И потом, разве не женщины устроили в Версале 1 октября?
Теперь пришло время устроить 5 октября в Париже.
Жильбер и Бийо были в Пале-Рояле, в «Кафе де Фуа». Там происходило собрание. Внезапно дверь кафе распахнулась, и вошла какая-то женщина, совершенно сбитая с толку. Она сообщила, что черные и белые кокарды перекочевали из Версаля в Париж, и заявила, что это представляет общественную опасность.
Жильберу сразу припомнились слова, сказанные Шарни королеве: «Государыня, бояться по-настоящему нужно будет тогда, когда в дело вмешиваются женщины».

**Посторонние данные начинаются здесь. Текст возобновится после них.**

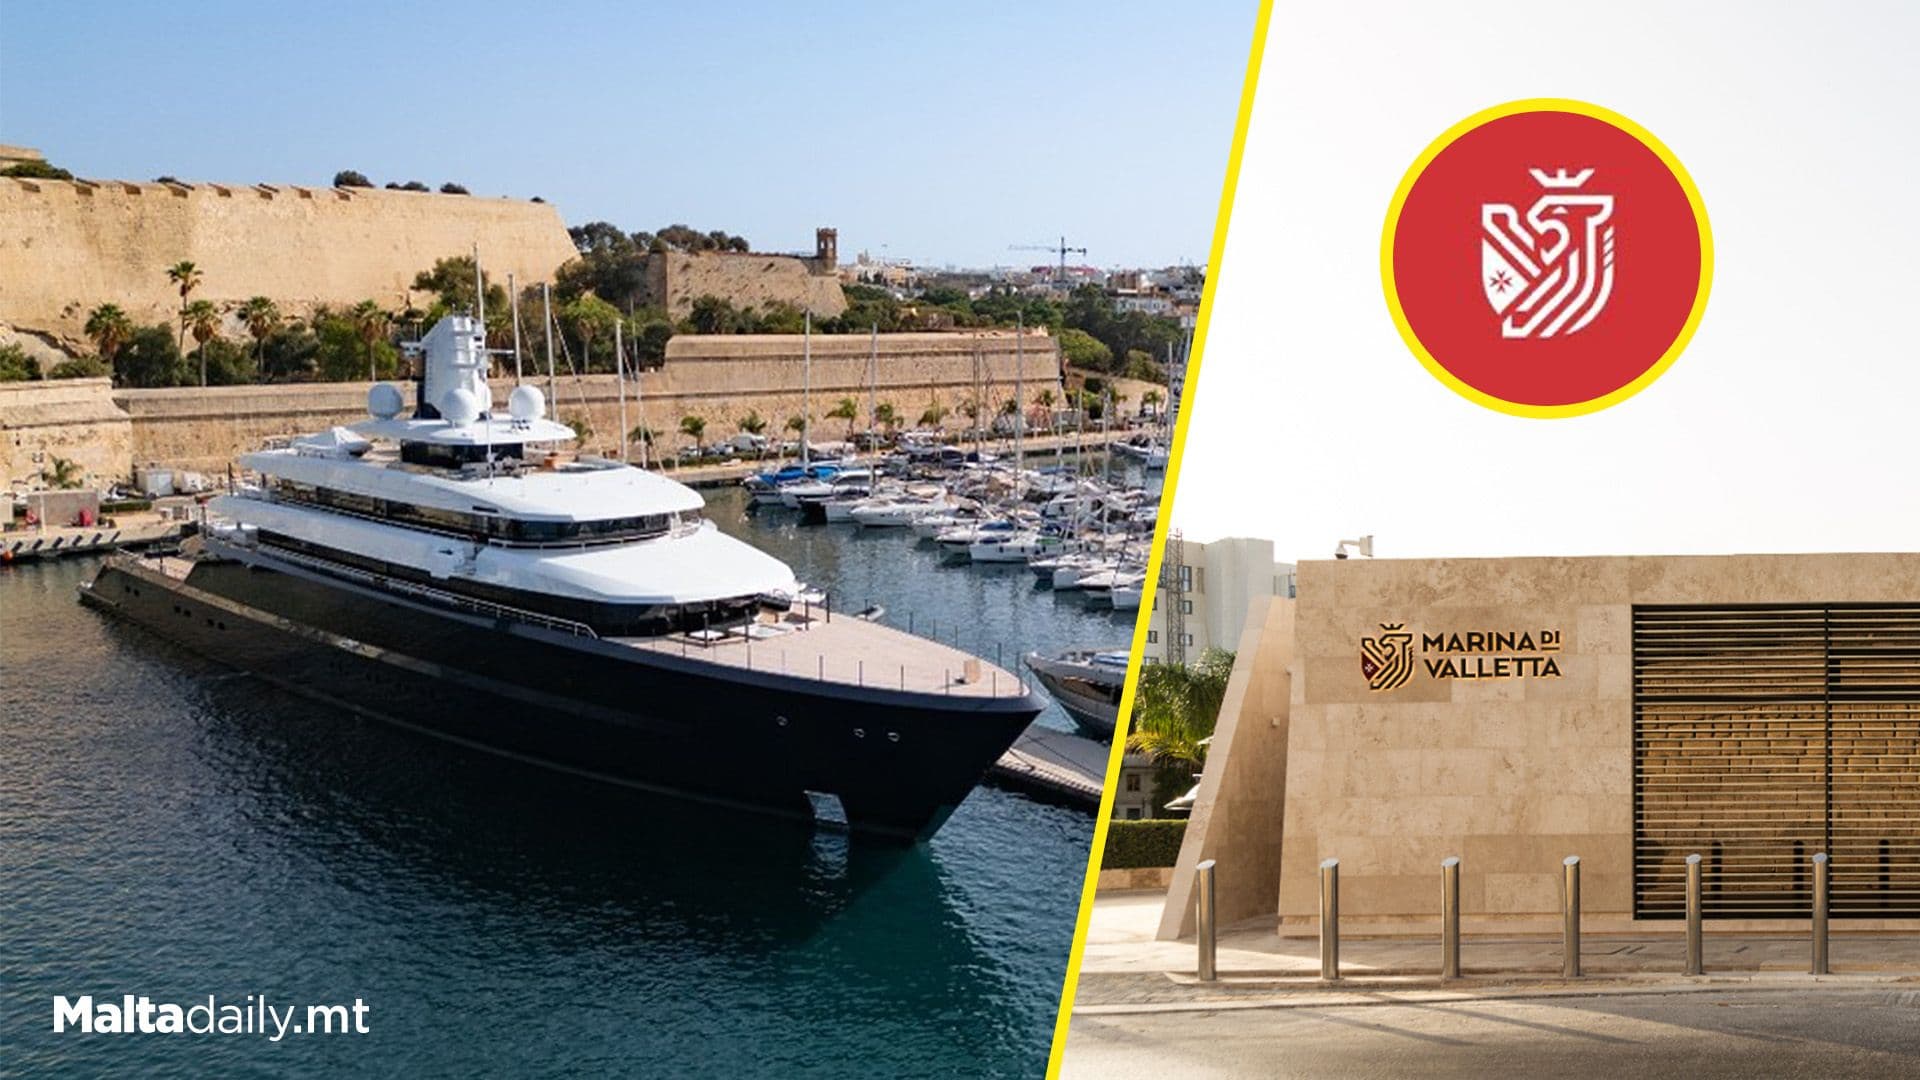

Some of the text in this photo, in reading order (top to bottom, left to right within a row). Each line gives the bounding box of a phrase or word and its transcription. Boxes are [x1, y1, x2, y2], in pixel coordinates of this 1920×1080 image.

[1422, 630, 1560, 652] MARINA DI
[1424, 657, 1562, 678] VALLETTA

Жильбер придерживался того же мнения.
Увидев, что женщины и в самом деле начинают вмешиваться, он повернулся к Бийо и бросил всего два слова:
– В ратушу!
После разговора между Бийо, Жильбером и Питу последний вместе с юным Себастьеном Жильбером вернулся в Виллер-Котре, а Бийо стал повиноваться любому слову, жесту или знаку Жильбера, так как понял: если он, Бийо, олицетворяет собою силу, то Жильбер – ум.

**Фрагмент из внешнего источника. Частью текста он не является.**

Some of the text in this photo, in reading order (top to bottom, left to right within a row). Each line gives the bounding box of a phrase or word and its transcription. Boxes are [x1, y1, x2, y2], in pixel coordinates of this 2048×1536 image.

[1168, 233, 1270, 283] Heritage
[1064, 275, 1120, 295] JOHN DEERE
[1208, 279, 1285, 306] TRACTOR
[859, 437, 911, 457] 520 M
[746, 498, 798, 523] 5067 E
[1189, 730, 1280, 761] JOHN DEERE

Они вышли из кафе, пересекли наискосок сад Пале-Рояля и Фонтанный двор и очутились на улице Сент-Оноре.
У рынка они наткнулись на молоденькую девушку, которая, выходя с улицы Бурдонне, била в барабан.

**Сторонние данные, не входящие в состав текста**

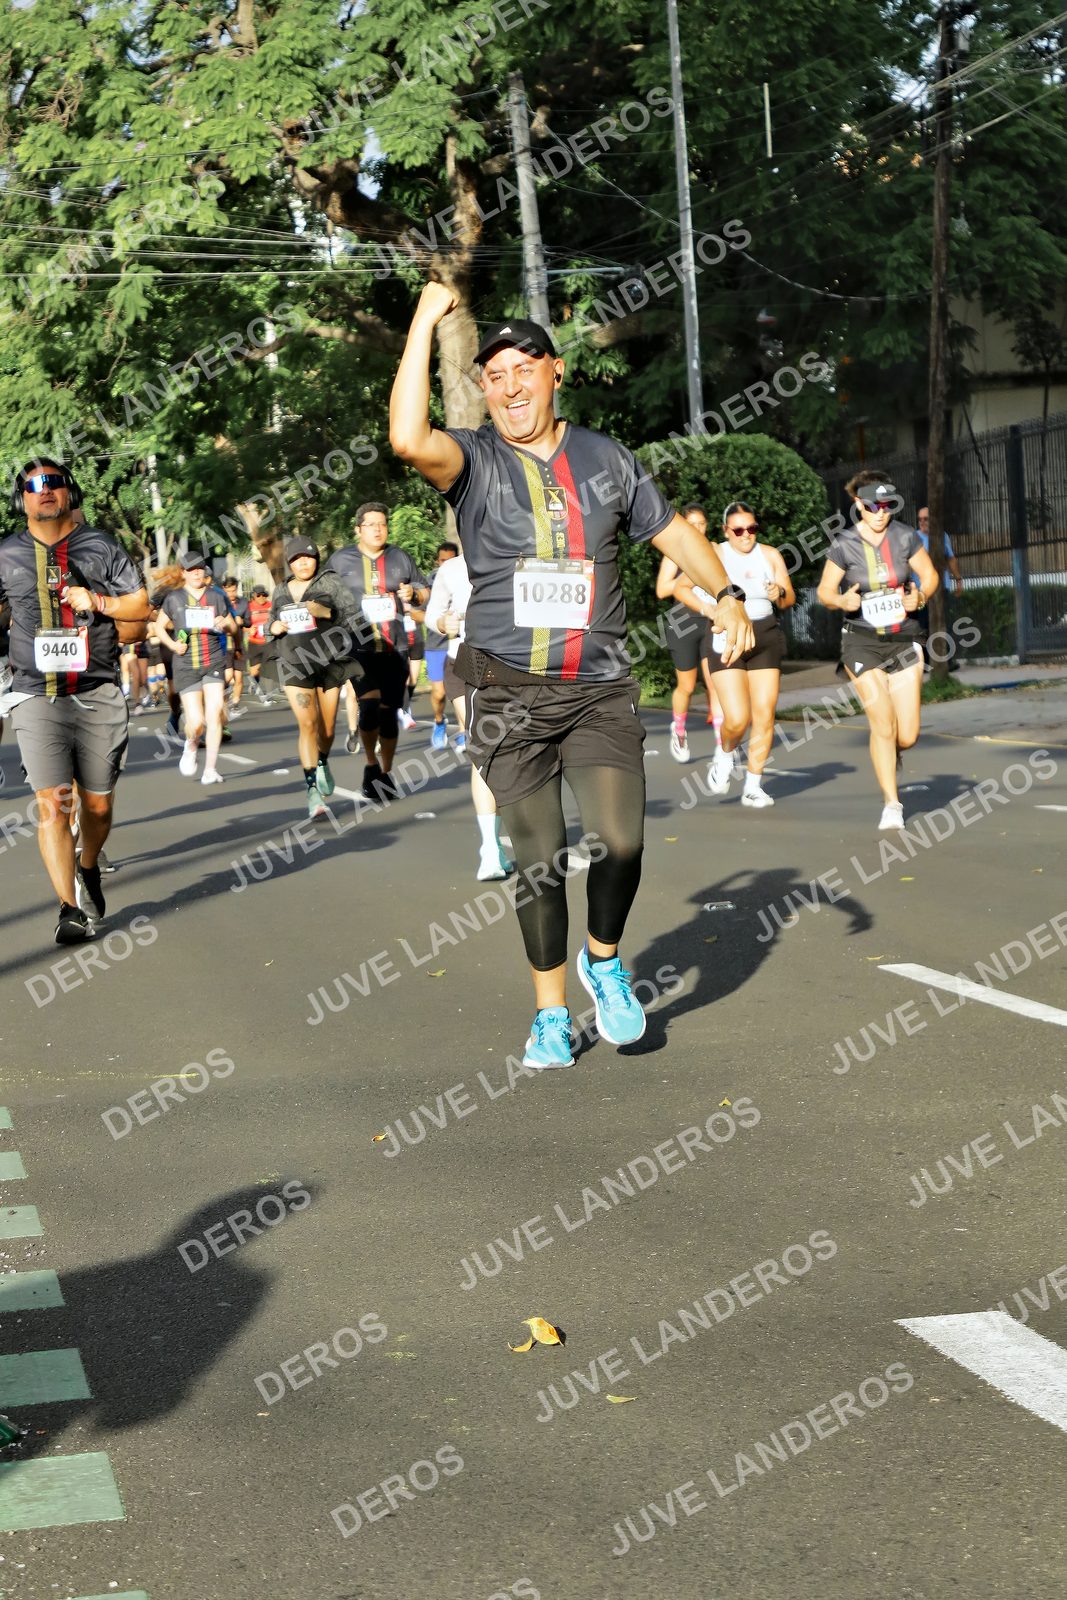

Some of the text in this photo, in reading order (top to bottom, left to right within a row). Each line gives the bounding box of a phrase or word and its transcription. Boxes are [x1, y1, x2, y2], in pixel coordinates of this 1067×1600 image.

[519, 581, 587, 605] 10288
[866, 599, 901, 615] 11438
[42, 642, 78, 657] 9440

Удивленный Жильбер остановился.
– Это еще что за новости?
– Разве вы не видите, доктор? – ответил Бийо. – Хорошенькая девушка, которая бьет в барабан и, клянусь, недурно!
– Должно быть, что-то потеряла, – бросил какой-то прохожий.
– Она бледна, – заметил Бийо.
– Спросите, что ей нужно, – велел Жильбер.
– Эй, красотка! – окликнул девушку Бийо. – Чего ты колотишь в свой барабан?
– Я хочу есть, – тонким пронзительным голосом отвечала та.
И пошла дальше, продолжая выбивать дробь. Жильбер понял.
– Вот это уже страшно, – проговорил он.
С этими словами он внимательно посмотрел на женщин, шедших следом за девушкой с барабаном.
Все они были истощены, едва держались на ногах, в глазах застыла безнадежность.
Среди них были и такие, которые не ели уже часов тридцать.
Время от времени в толпе женщин раздавался крик – слабый и тем самым страшный, потому что было понятно: он вырывается из голодных ртов.
– На Версаль! – кричали женщины. – На Версаль!
По пути они махали руками женщинам, стоявшим на порогах домов, окликали тех, что подходили к окнам.
Мимо проехала карета с двумя дамами, которые, выглянув в окошко, рассмеялись.
Процессия, ведомая барабанщицей, остановилась. Десятка два женщин подбежали к карете и, заставив дам выйти, потащили с собой, несмотря на их недовольство и сопротивление, которые были быстро погашены в зародыше посредством двух-трех увесистых затрещин.
Позади процессии, двигавшейся довольно медленно – ее то и дело задерживали остановки, производившиеся с целью сбора пополнения, – шел мужчина; руки его были засунуты в карманы.
Этот мужчина с костистым бледным лицом, высокий и тощий, был одет в стального цвета кафтан, черные камзол и штаны, на голове его красовалась заломленная набок потертая треуголка.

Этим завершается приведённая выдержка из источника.